BRIEF –
From the first line to the last, set down the material exactly and drop every picture.

AVAILABLE RECORDS –
★ ★ ★ ★

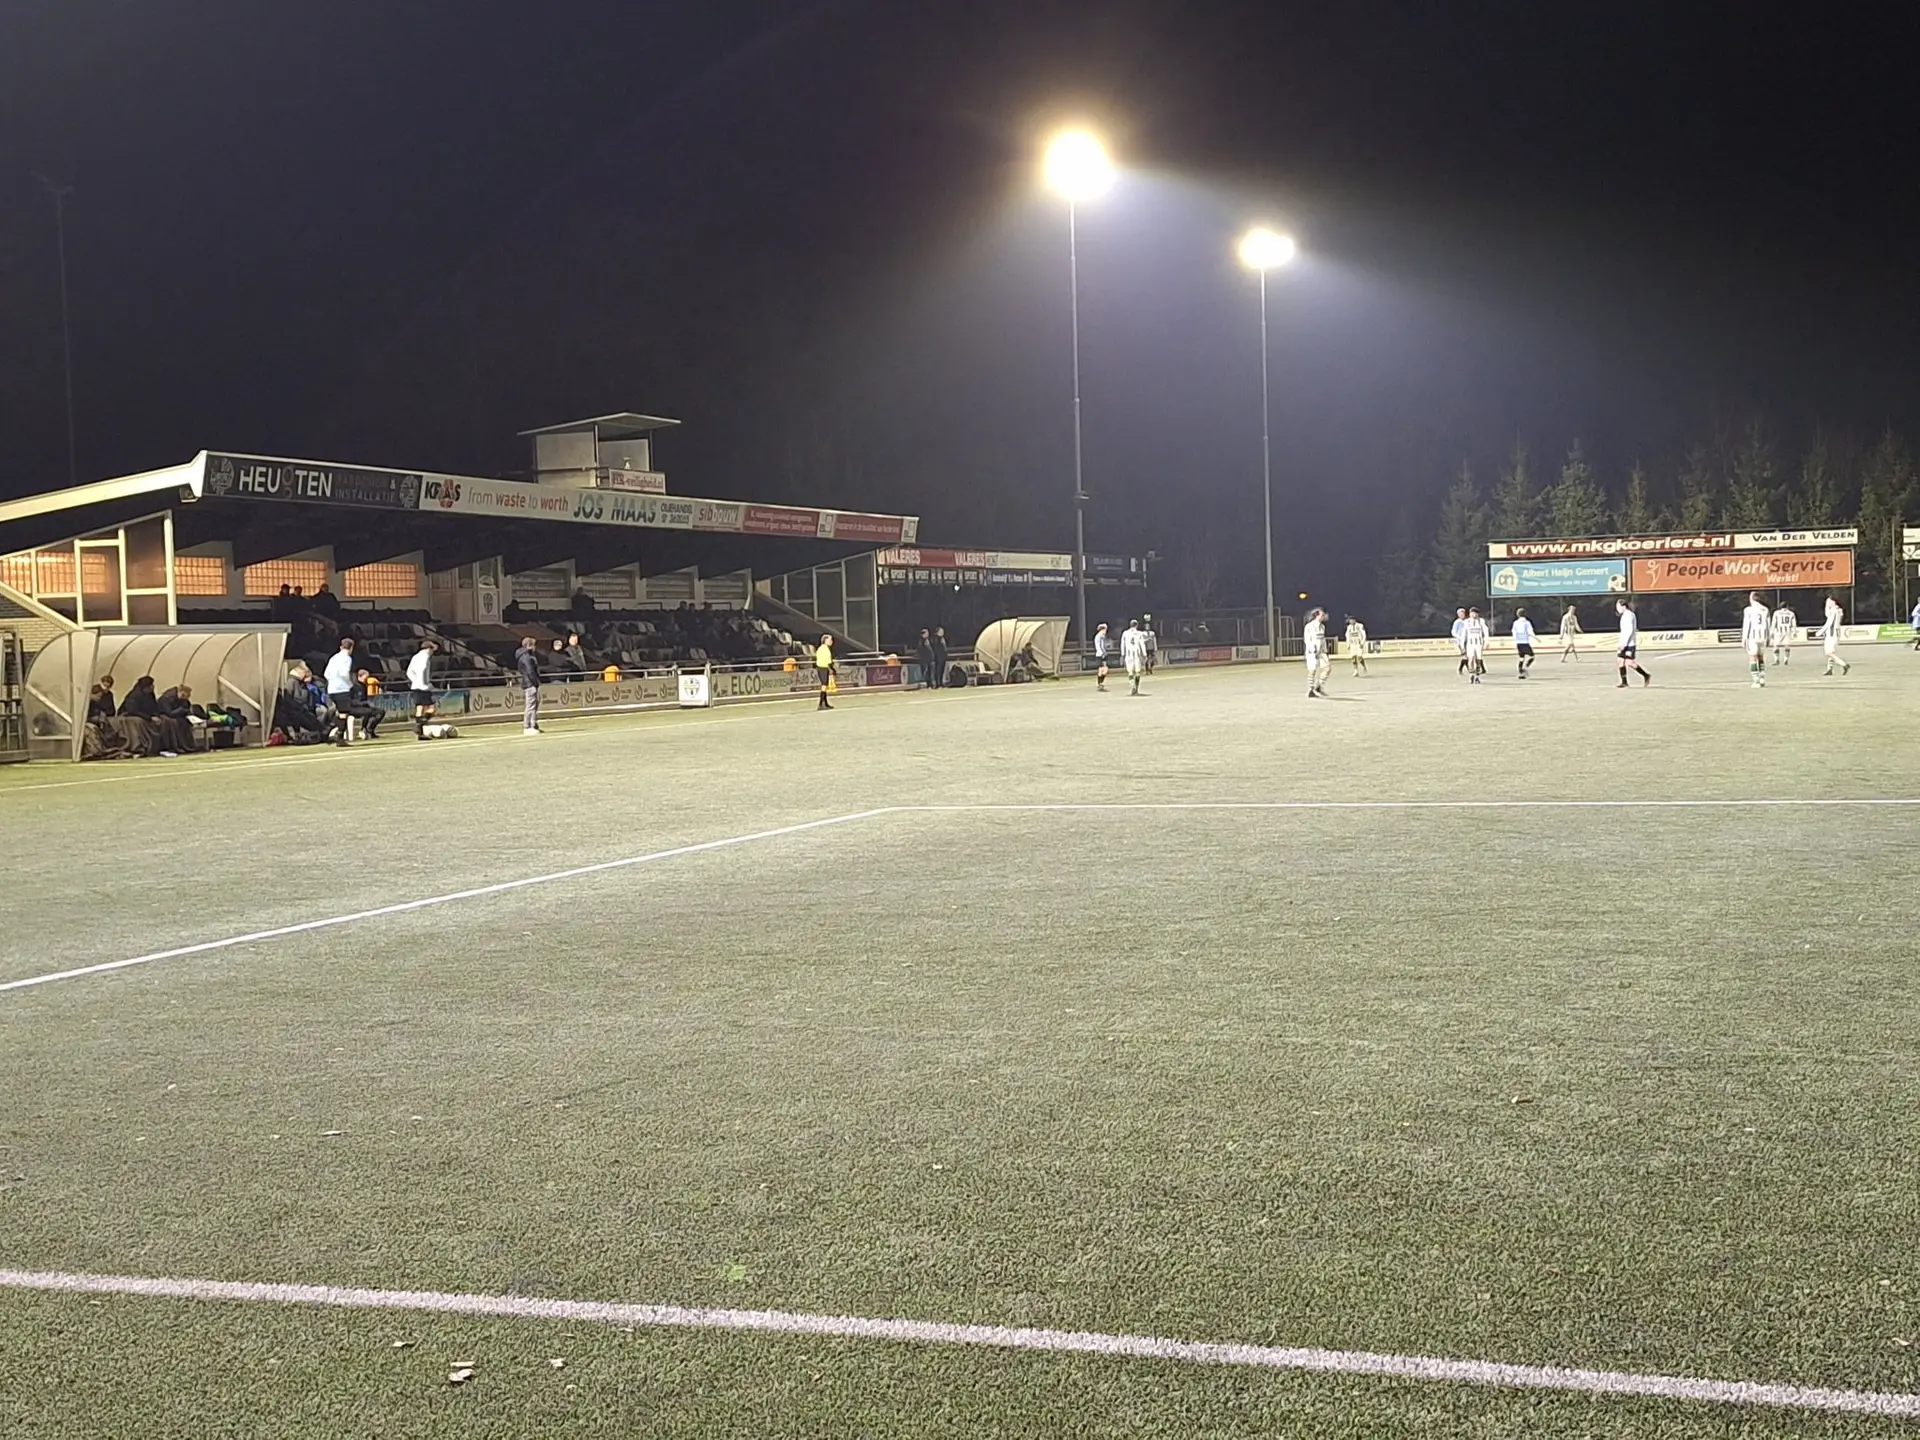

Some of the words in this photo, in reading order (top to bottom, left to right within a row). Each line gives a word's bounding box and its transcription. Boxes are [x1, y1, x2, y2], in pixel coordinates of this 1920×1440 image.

[468, 487, 493, 505] from
[495, 491, 526, 508] waste
[528, 493, 538, 510] to
[540, 495, 569, 512] worth
[573, 493, 604, 519] JOS
[611, 496, 656, 523] MAAS
[1752, 534, 1778, 542] VAN
[1782, 532, 1806, 540] DER
[1812, 531, 1855, 540] VELDEN
[885, 549, 920, 565] VALERES
[954, 551, 985, 566] VALERES
[1522, 569, 1550, 578] Albert
[1666, 556, 1835, 579] PeopleWorkService
[1767, 573, 1799, 584] Werkt!
[1757, 614, 1763, 625] 3
[1130, 637, 1135, 646] 4
[731, 674, 762, 695] ELCO
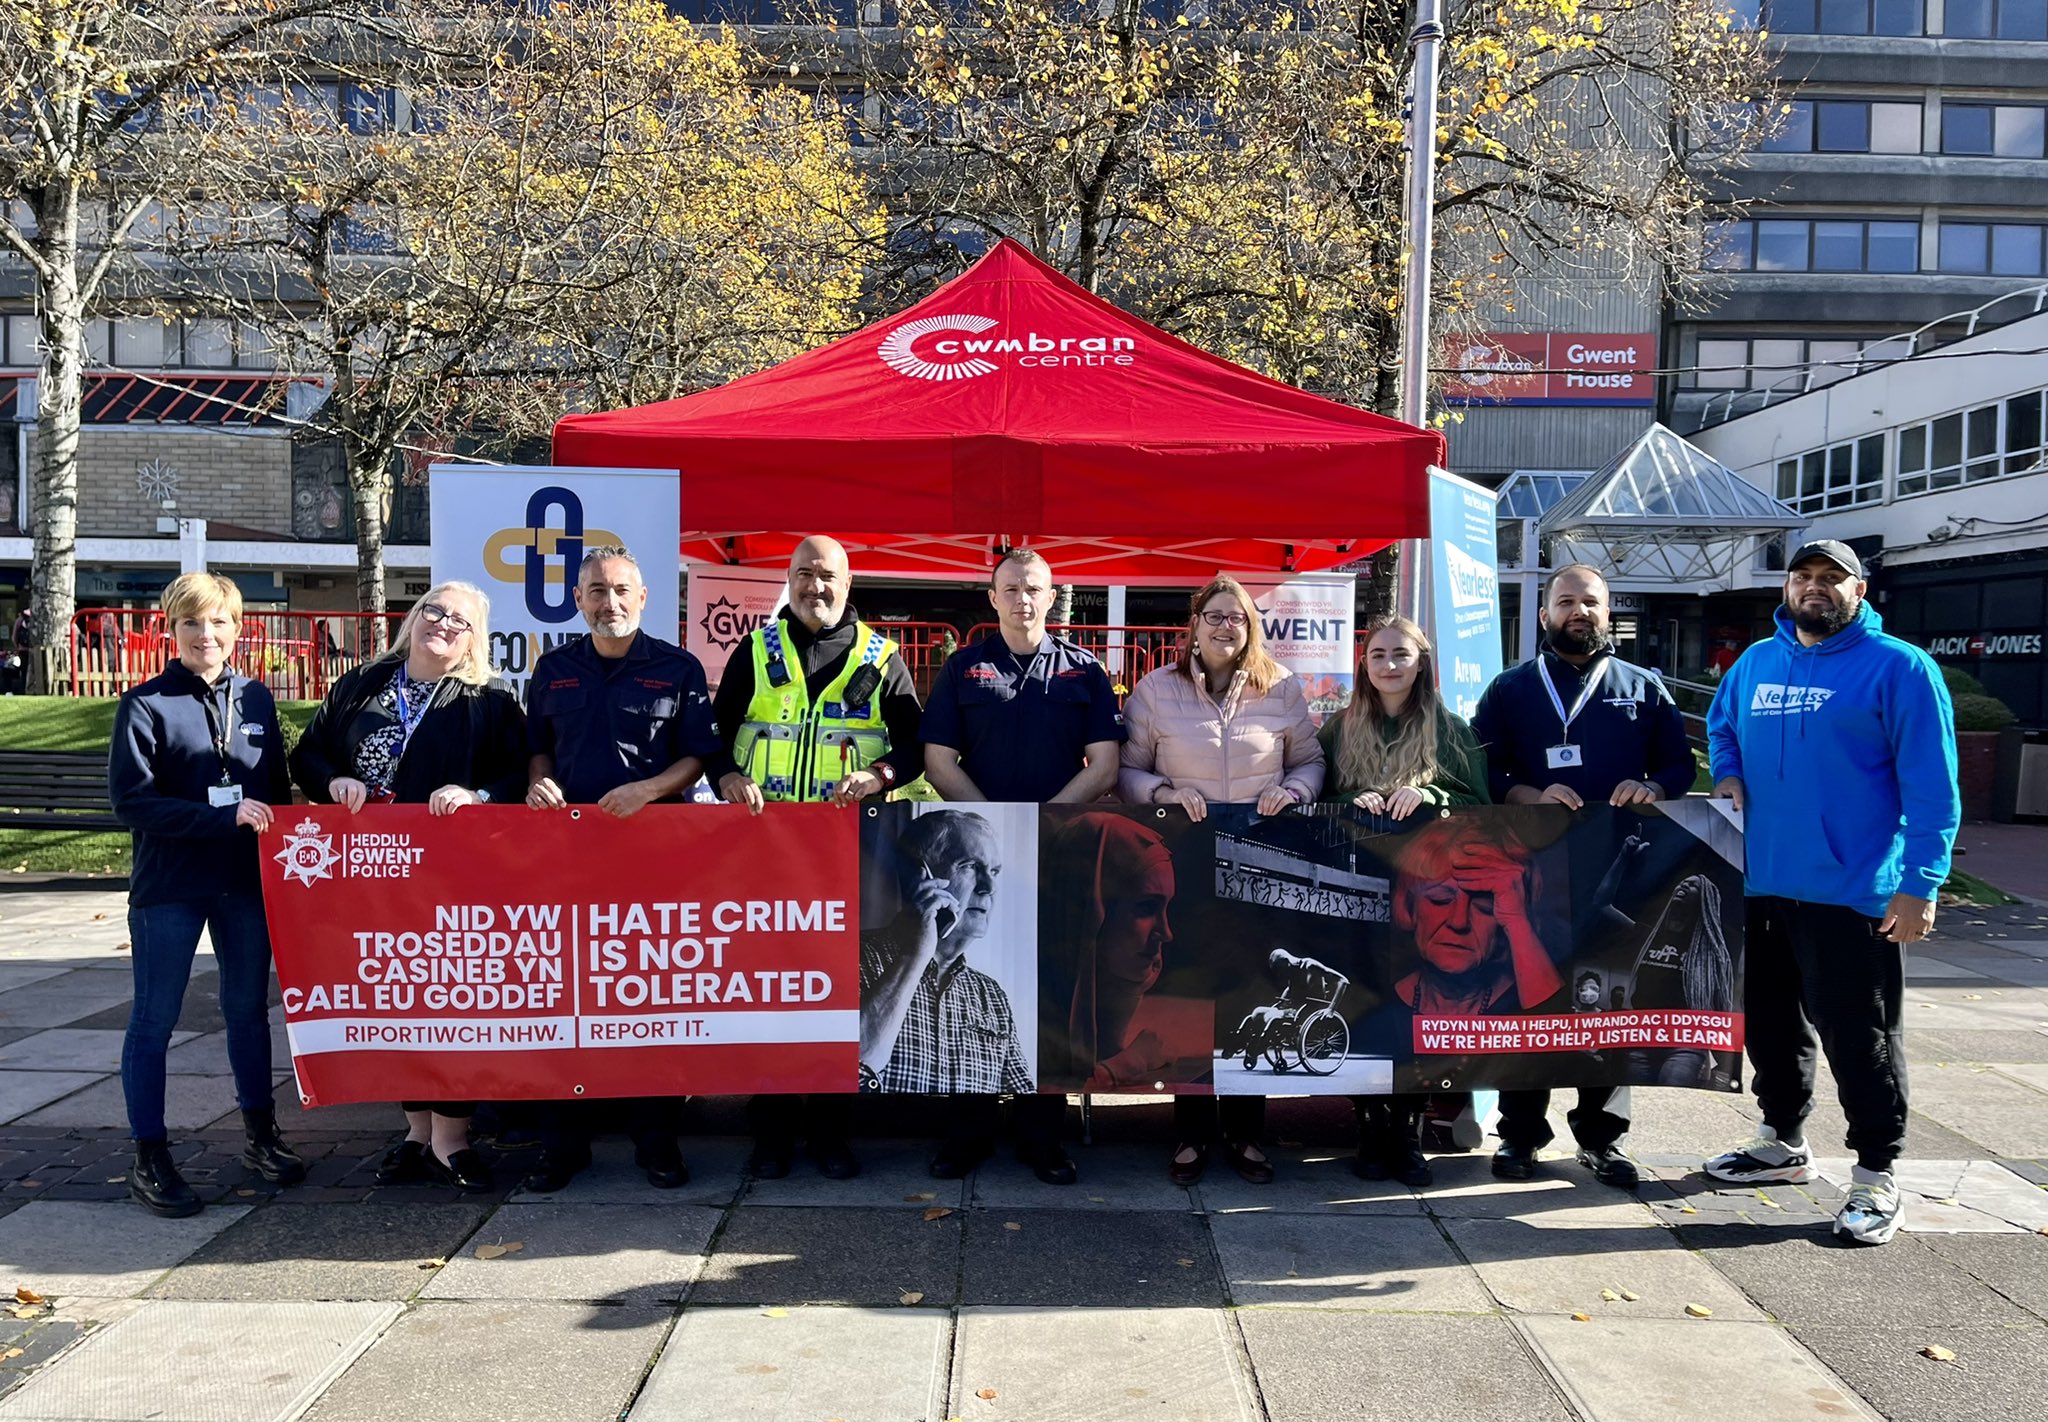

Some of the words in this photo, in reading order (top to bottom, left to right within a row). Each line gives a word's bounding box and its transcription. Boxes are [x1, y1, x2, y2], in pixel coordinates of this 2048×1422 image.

[935, 333, 1135, 354] cwmbran
[1567, 344, 1637, 364] Gwent
[1018, 353, 1135, 368] centre
[1567, 368, 1633, 388] House
[1261, 618, 1347, 641] WENT
[1927, 637, 1970, 655] JACK
[1985, 635, 2042, 654] JONES
[1455, 656, 1470, 683] Are
[351, 834, 410, 847] HEDDLU
[349, 848, 424, 864] GWENT
[350, 865, 410, 878] POLICE
[436, 905, 495, 930] NID
[503, 905, 561, 930] YW
[589, 903, 700, 936] HATE
[712, 900, 845, 933] CRIME
[353, 931, 562, 958] TROSEDDAU
[590, 939, 627, 972] IS
[639, 937, 730, 971] NOT
[358, 958, 506, 984] CASINEB
[513, 957, 562, 982] YN
[283, 984, 367, 1014] CAEL
[374, 985, 414, 1010] EU
[423, 983, 563, 1010] GODDEF
[589, 970, 832, 1007] TOLERATED
[591, 1020, 679, 1040] REPORT
[685, 1019, 710, 1038] IT.
[1422, 1020, 1468, 1031] RYDYN
[1472, 1020, 1486, 1031] NI
[1489, 1020, 1519, 1031] YMA
[1522, 1020, 1526, 1031] I
[1530, 1018, 1572, 1031] HELPU,
[1575, 1018, 1578, 1029] I
[1581, 1015, 1639, 1029] WRANDO
[1641, 1014, 1661, 1025] AC
[1664, 1014, 1668, 1025] I
[1671, 1014, 1732, 1028] DDYSGU
[345, 1026, 492, 1043] RIPORTIWCH
[499, 1025, 564, 1042] NHW.
[1422, 1034, 1476, 1049] WE’RE
[1480, 1034, 1522, 1048] HERE
[1526, 1033, 1549, 1047] TO
[1553, 1032, 1596, 1047] HELP,
[1599, 1028, 1651, 1044] LISTEN
[1655, 1028, 1669, 1043] &
[1674, 1029, 1732, 1046] LEARN

★ ★ ★ ★

ANSWER SPACE –
Some of the words in this photo, in reading order (top to bottom, left to right within a row). Each line gives a word's bounding box and its transcription. Boxes are [x1, y1, x2, y2], in pixel coordinates of this 1920×1440 image.

[468, 487, 493, 505] from
[495, 491, 526, 508] waste
[528, 493, 538, 510] to
[540, 495, 569, 512] worth
[573, 493, 604, 519] JOS
[611, 496, 656, 523] MAAS
[1752, 534, 1778, 542] VAN
[1782, 532, 1806, 540] DER
[1812, 531, 1855, 540] VELDEN
[885, 549, 920, 565] VALERES
[954, 551, 985, 566] VALERES
[1522, 569, 1550, 578] Albert
[1666, 556, 1835, 579] PeopleWorkService
[1767, 573, 1799, 584] Werkt!
[1757, 614, 1763, 625] 3
[1130, 637, 1135, 646] 4
[731, 674, 762, 695] ELCO

Some of the words in this photo, in reading order (top to bottom, left to right within a row). Each line gives a word's bounding box and its transcription. Boxes are [x1, y1, x2, y2], in pixel coordinates of this 2048×1422 image.

[935, 333, 1135, 354] cwmbran
[1567, 344, 1637, 364] Gwent
[1018, 353, 1135, 368] centre
[1567, 368, 1633, 388] House
[1261, 618, 1347, 641] WENT
[1927, 637, 1970, 655] JACK
[1985, 635, 2042, 654] JONES
[1455, 656, 1470, 683] Are
[351, 834, 410, 847] HEDDLU
[349, 848, 424, 864] GWENT
[350, 865, 410, 878] POLICE
[436, 905, 495, 930] NID
[503, 905, 561, 930] YW
[589, 903, 700, 936] HATE
[712, 900, 845, 933] CRIME
[353, 931, 562, 958] TROSEDDAU
[590, 939, 627, 972] IS
[639, 937, 730, 971] NOT
[358, 958, 506, 984] CASINEB
[513, 957, 562, 982] YN
[283, 984, 367, 1014] CAEL
[374, 985, 414, 1010] EU
[423, 983, 563, 1010] GODDEF
[589, 970, 832, 1007] TOLERATED
[591, 1020, 679, 1040] REPORT
[685, 1019, 710, 1038] IT.
[1422, 1020, 1468, 1031] RYDYN
[1472, 1020, 1486, 1031] NI
[1489, 1020, 1519, 1031] YMA
[1522, 1020, 1526, 1031] I
[1530, 1018, 1572, 1031] HELPU,
[1575, 1018, 1578, 1029] I
[1581, 1015, 1639, 1029] WRANDO
[1641, 1014, 1661, 1025] AC
[1664, 1014, 1668, 1025] I
[1671, 1014, 1732, 1028] DDYSGU
[345, 1026, 492, 1043] RIPORTIWCH
[499, 1025, 564, 1042] NHW.
[1422, 1034, 1476, 1049] WE’RE
[1480, 1034, 1522, 1048] HERE
[1526, 1033, 1549, 1047] TO
[1553, 1032, 1596, 1047] HELP,
[1599, 1028, 1651, 1044] LISTEN
[1655, 1028, 1669, 1043] &
[1674, 1029, 1732, 1046] LEARN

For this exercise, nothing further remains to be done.